- [Supplied information]:
* * * * * * * * *
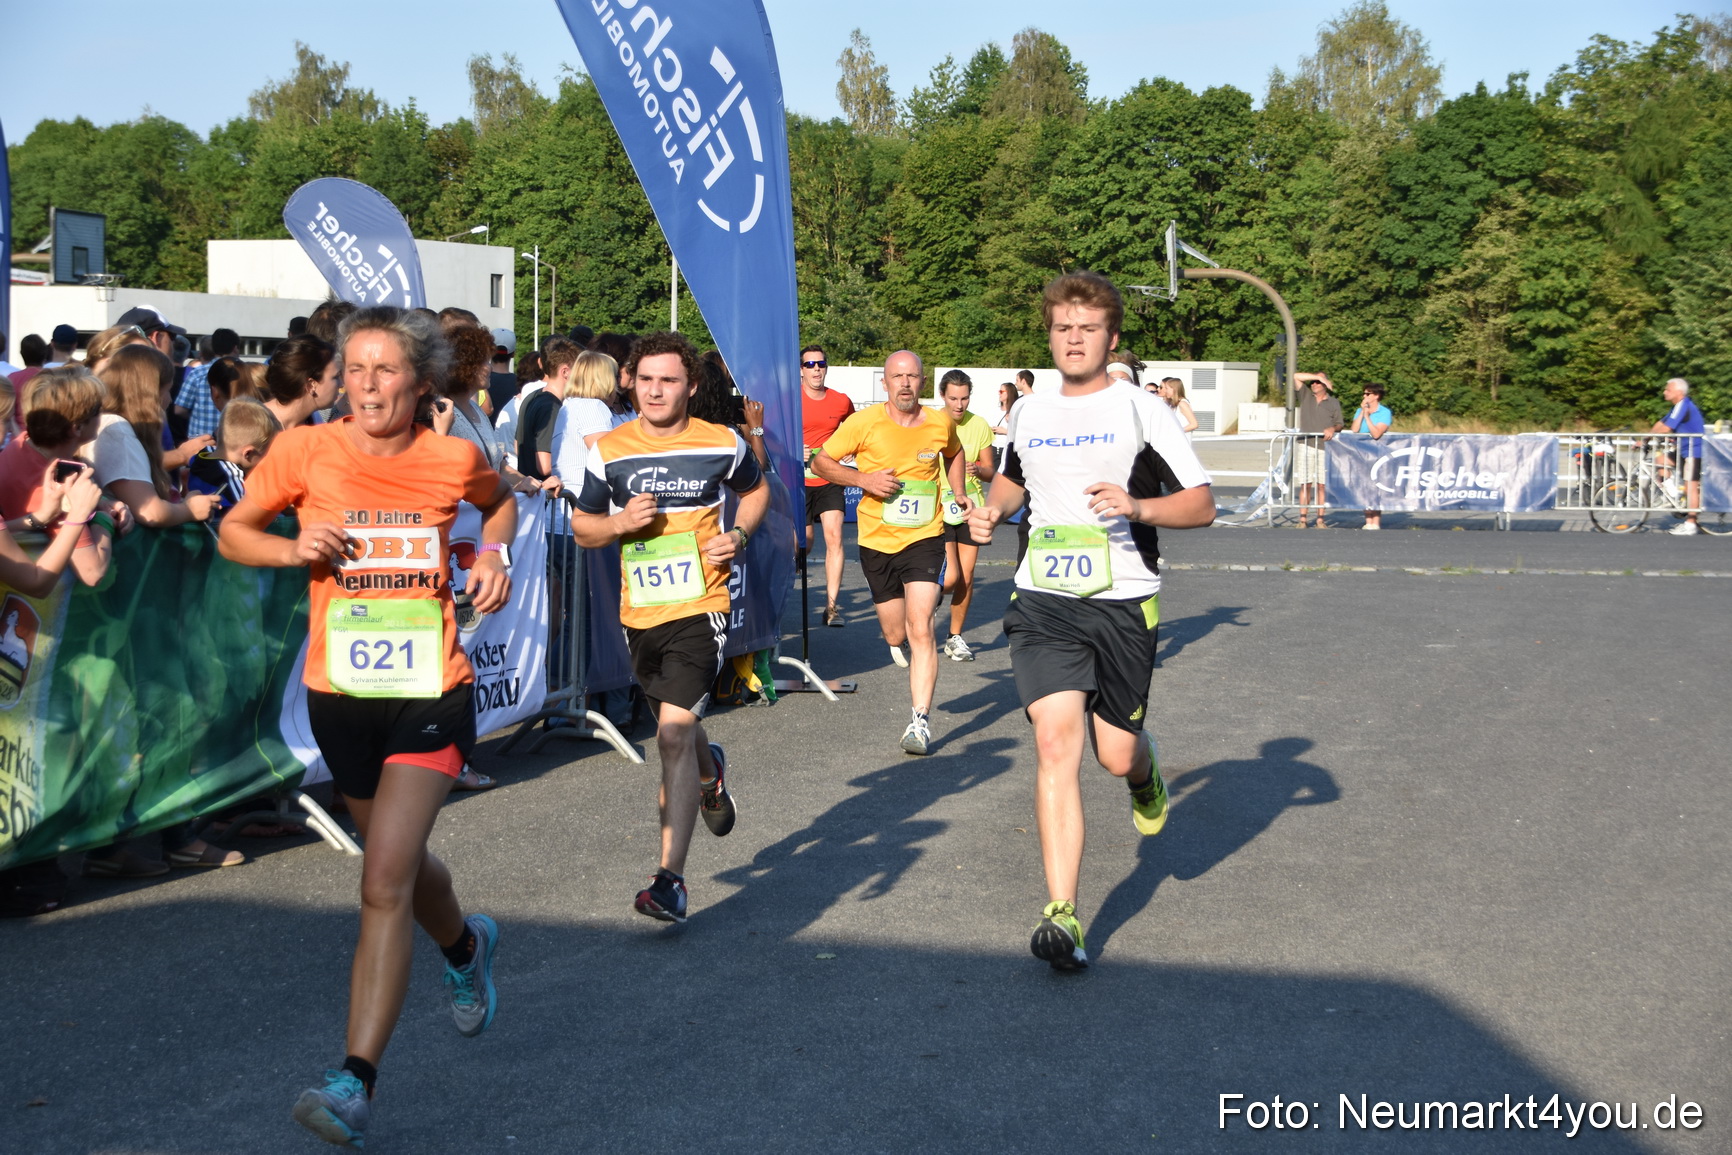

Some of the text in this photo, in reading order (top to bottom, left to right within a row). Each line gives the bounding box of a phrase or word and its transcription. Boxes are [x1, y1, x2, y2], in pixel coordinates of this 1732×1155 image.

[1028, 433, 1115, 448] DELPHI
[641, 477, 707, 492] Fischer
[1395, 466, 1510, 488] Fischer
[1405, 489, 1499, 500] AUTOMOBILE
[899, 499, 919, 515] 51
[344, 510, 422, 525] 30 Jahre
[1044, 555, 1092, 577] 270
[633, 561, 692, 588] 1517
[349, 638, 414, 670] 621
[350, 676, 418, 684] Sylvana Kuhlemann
* * * * * * * * *
With pictures excluded, the data must be transcribed in full and to the letter.

Some of the text in this photo, in reading order (top to bottom, left to right within a row). Each line gives the bounding box of a phrase or word and its transcription. Boxes are [x1, y1, x2, y2], in pixel coordinates of this 1732×1155 image.

[1028, 433, 1115, 448] DELPHI
[641, 477, 707, 492] Fischer
[1395, 466, 1510, 488] Fischer
[1405, 489, 1499, 500] AUTOMOBILE
[899, 499, 919, 515] 51
[344, 510, 422, 525] 30 Jahre
[1044, 555, 1092, 577] 270
[633, 561, 692, 588] 1517
[349, 638, 414, 670] 621
[350, 676, 418, 684] Sylvana Kuhlemann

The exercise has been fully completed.